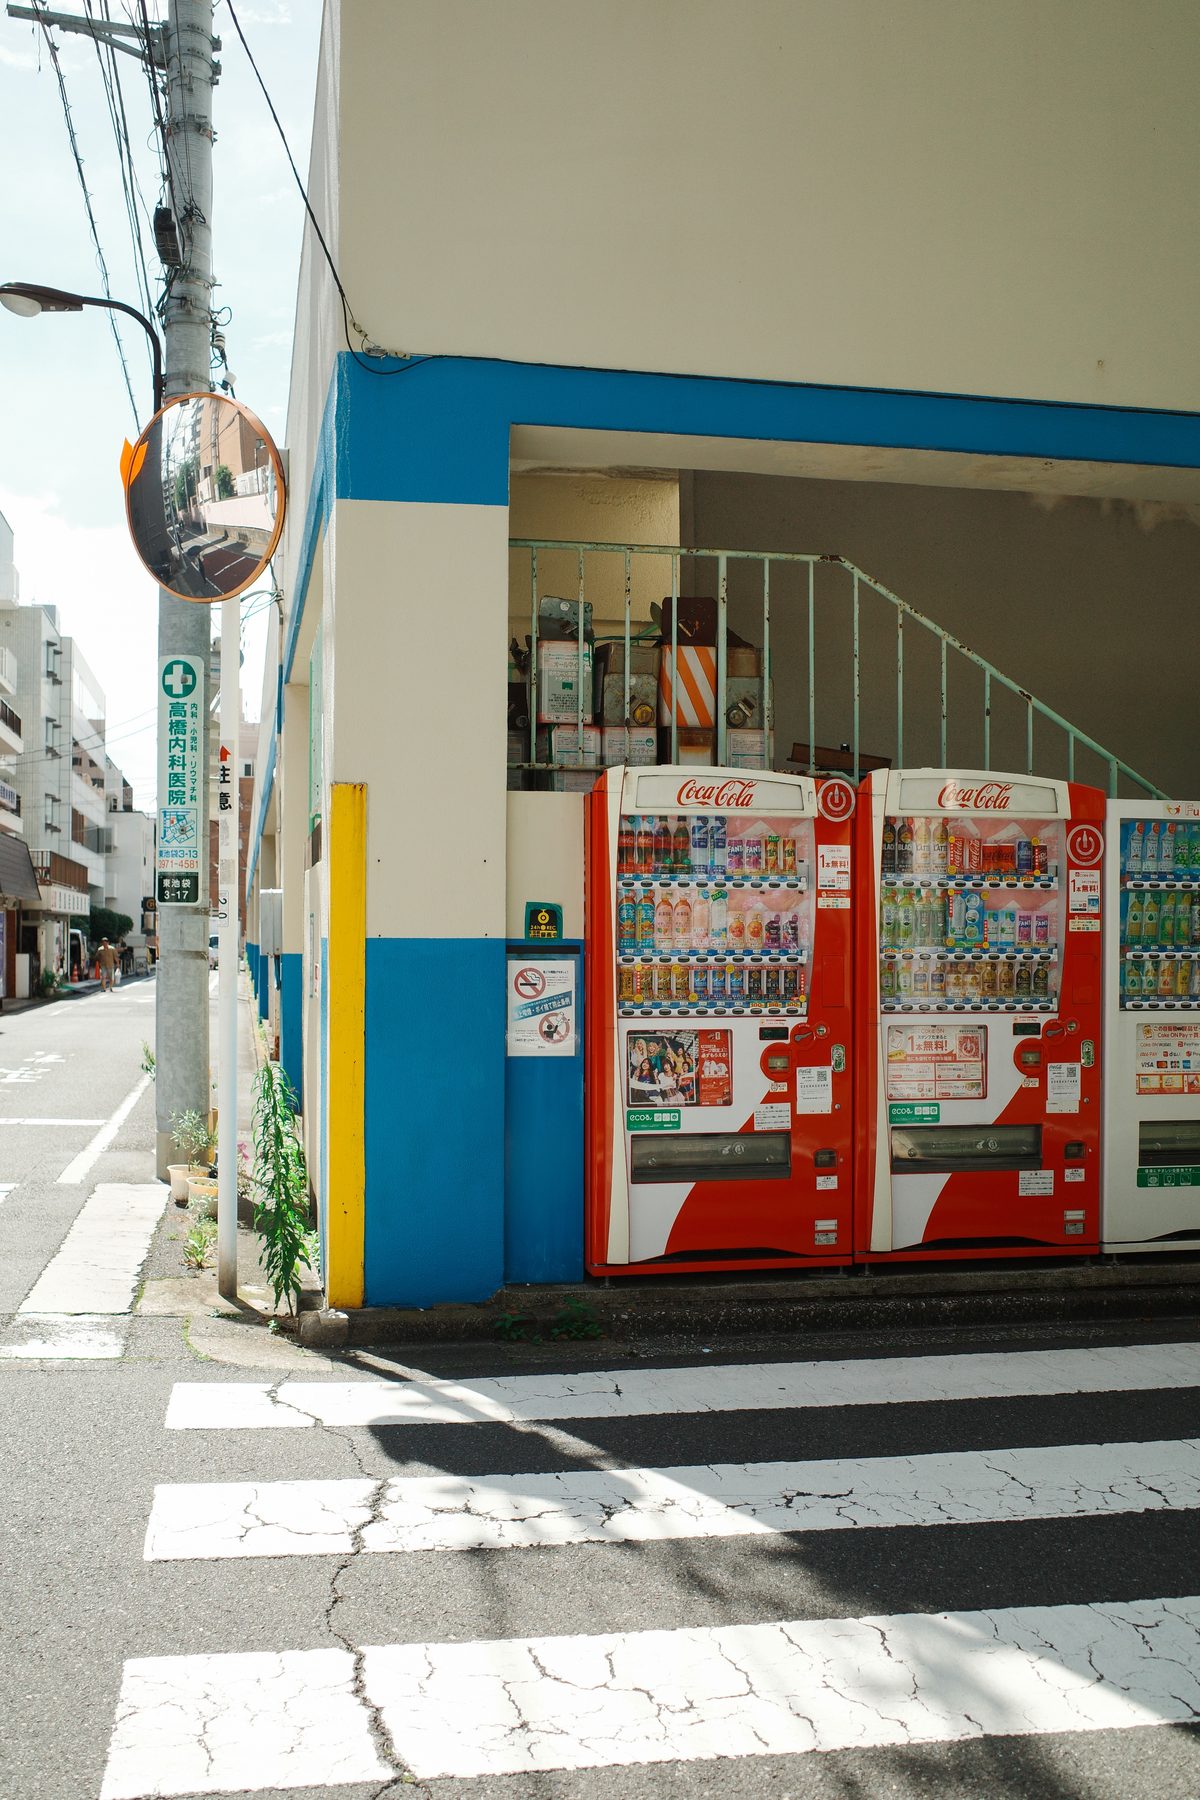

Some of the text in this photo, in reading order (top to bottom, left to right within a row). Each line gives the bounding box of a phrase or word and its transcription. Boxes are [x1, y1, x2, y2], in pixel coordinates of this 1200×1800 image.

[168, 702, 188, 806] 高橋内科医院
[190, 703, 198, 803] 内科・小児科・リウマチ科
[676, 779, 757, 808] Coca-Cola
[937, 782, 1014, 810] Coca-Cola
[820, 854, 849, 868] 1本無料!
[163, 879, 191, 888] 東池袋
[1070, 879, 1099, 893] 1本無料!
[164, 891, 189, 900] 3-17
[907, 1034, 948, 1052] 1本無料!

§ Task item:
Give the listing again exactly, minus its images.

§ Answer for this exercise:
Some of the text in this photo, in reading order (top to bottom, left to right within a row). Each line gives the bounding box of a phrase or word and its transcription. Boxes are [x1, y1, x2, y2], in pixel coordinates of this 1200×1800 image.

[168, 702, 188, 806] 高橋内科医院
[190, 703, 198, 803] 内科・小児科・リウマチ科
[676, 779, 757, 808] Coca-Cola
[937, 782, 1014, 810] Coca-Cola
[820, 854, 849, 868] 1本無料!
[163, 879, 191, 888] 東池袋
[1070, 879, 1099, 893] 1本無料!
[164, 891, 189, 900] 3-17
[907, 1034, 948, 1052] 1本無料!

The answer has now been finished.